He nodded and started back toward the beds, beckoning for me to follow.
As we walked down the narrow aisle between the beds and their curtain dividers, Wilson added, “I don’t know what possessed him to try to go to the Klondike anyhow.”
“Same thing that possesses every man,” I grumbled. “Gold fever.”
“Fair, but this one’s got a— Oh, well, good evening, Joseph.” He stopped, looking past a curtain that blocked my view. When he pulled the curtain aside, though, the boy—Joseph, apparently—was awake. “Thought you’d be sleeping. Didn’t I say to get some rest?”
“I can’t.” The kid shifted, trying to push himself upright, but then sighed and sank against the mountain of lumpy pillows. “I need to get—”
“You need to rest.” Wilson shook his head. “Shouldn’t have been out there to begin with. You didn’t really expect to make it all the way to Dawson City on a wooden leg, did you?”
“I’ve . . .” The kid drew his tongue across his pale lips. “I’ve already been there.”
“Already—” Wilson glanced at me. “What do you mean you’ve already been there?”
Joseph swallowed. “My brothers and I . . . we’ve been to Dawson City. Mined what we could. We were . . . we were on our way back.” His eyes became clearer, and he inhaled sharply. “My brothers.” He started to sit up again. “Oh God. They’re—”
“Hey, hey. Easy, lad.” Wilson touched Joseph’s shoulder and pressed him back down.
I stood at the foot of the bed, arms folded across my jacket. “What happened out there?”

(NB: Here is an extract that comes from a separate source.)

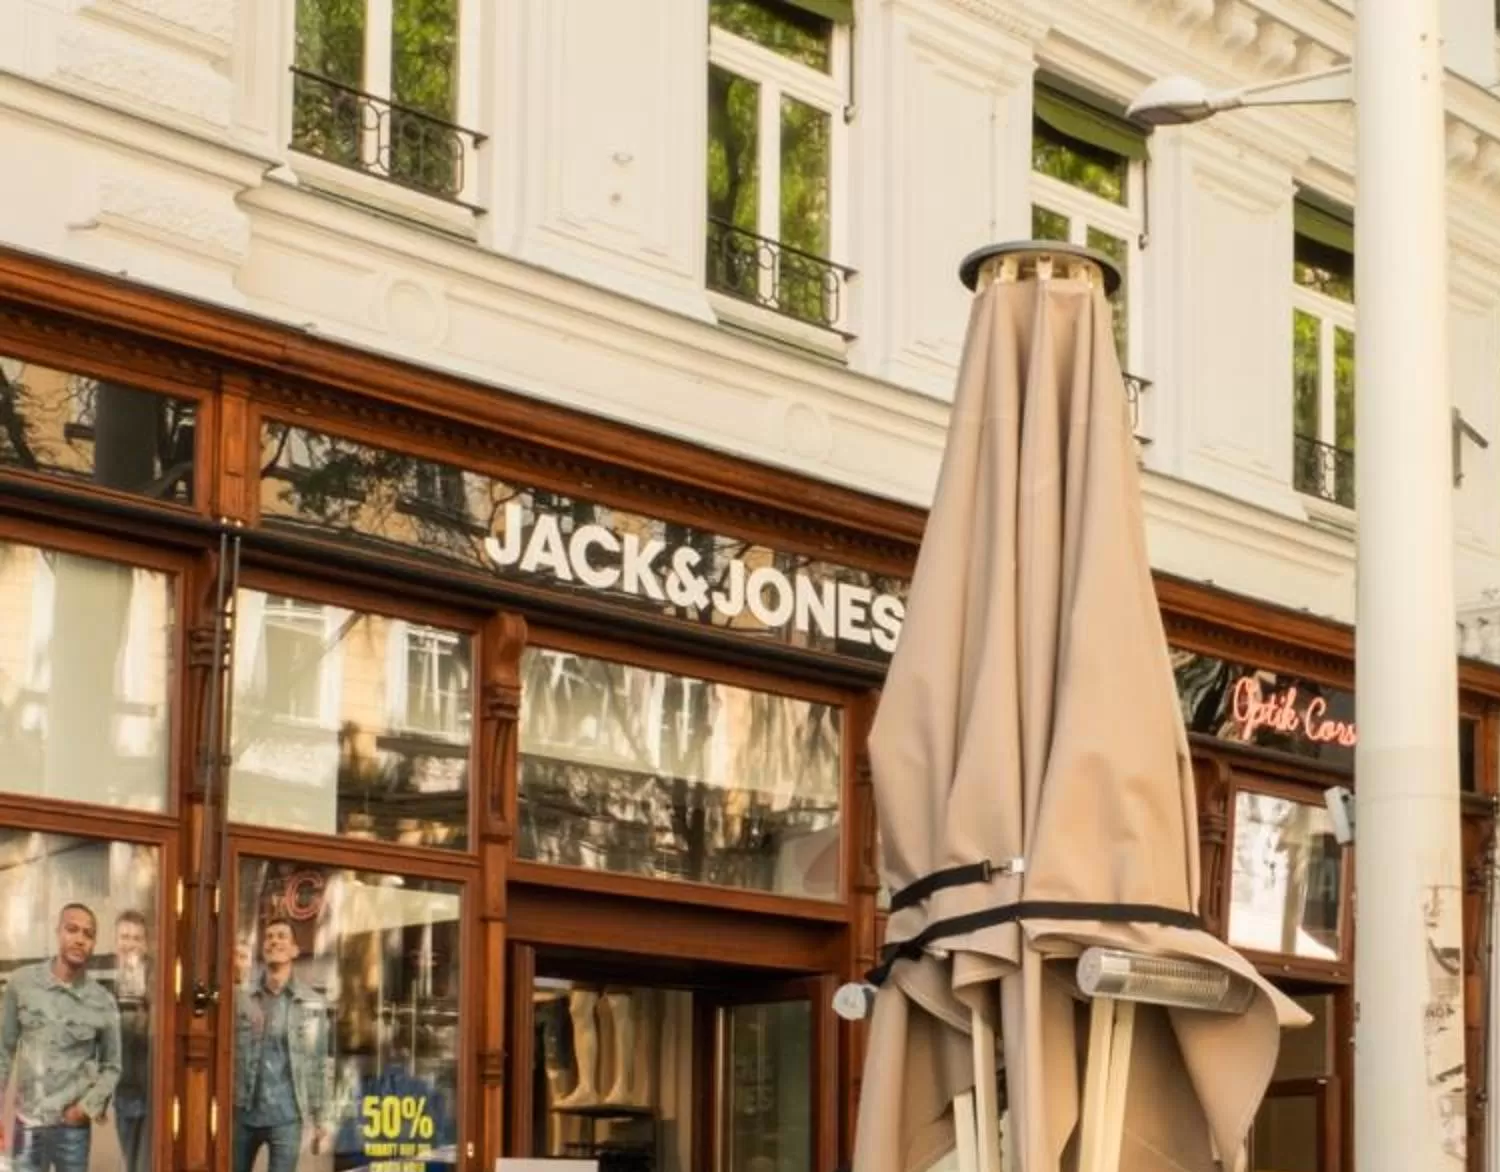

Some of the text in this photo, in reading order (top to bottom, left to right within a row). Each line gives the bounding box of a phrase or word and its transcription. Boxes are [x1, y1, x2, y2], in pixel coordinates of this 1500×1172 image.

[484, 502, 905, 653] JACK&JONES
[1234, 676, 1358, 748] Optik Cors
[362, 1095, 434, 1139] 50%

Joseph moistened his lips. “My brothers and I, the three of us were heading back from Dawson City. Just gotten to Ketchikan and were waiting to get on a boat back to Seattle. Some men heard about the—” He hesitated, eyes darting to Wilson and me. Then he released a breath. “They heard about the machinery we’d used. To dig for gold.”
“Machinery?” Wilson asked. “What kind of machinery?”
“It’s . . .” Joseph shook his head. “It’s complicated. My father’s company built us some equipment. It thaws the ground and digs down faster than we could with hands and shovels. It also sorts the metals from the—” He waved a hand. “It’s not important. But the men heard about it. And they heard we’d found a lot of gold with it.”
“You did find gold, then?” I asked.
“We found a good deposit, and happened to have the equipment to get it out faster than anyone else could have. It was enough we could’ve lived off it for the rest of our lives.” Sagging against the pillows, he squeezed his eyes shut. “But they robbed us. Middle of the night. My eldest brother, he . . .” Joseph’s grimace explained what had become of the eldest.
“And your second brother?” I asked quietly.
“Kidnapped.” He scratched his jaw, rough fingers hissing across his thin, coarse beard. “Along with the machine. They tried to take me too, but I got away.”
“You got away?” Wilson quirked an eyebrow. “With your leg like—”
“I’ve had the damned thing since I was a child,” Joseph snapped, glaring up at the doctor. “I can’t run fast, but I can run.” His expression softened again as his gaze shifted back to me. “Look, they ambushed us. Where we were camping on our way back to Seattle. They said . . . they said they were going to take us all back to Dawson City. To mine more gold. That we’d run the machine for them or they’d shoot us.” He shuddered, his lips pulling tight, and I was surprised his eyes didn’t well up as he went on. “We made a break for it, but I was the only one who got away. When I came back, Sam was dead, David was gone, and so was the equipment. Someone told me they saw them heading north, but . . .” Joseph flinched. “That was the last I saw or heard of them.”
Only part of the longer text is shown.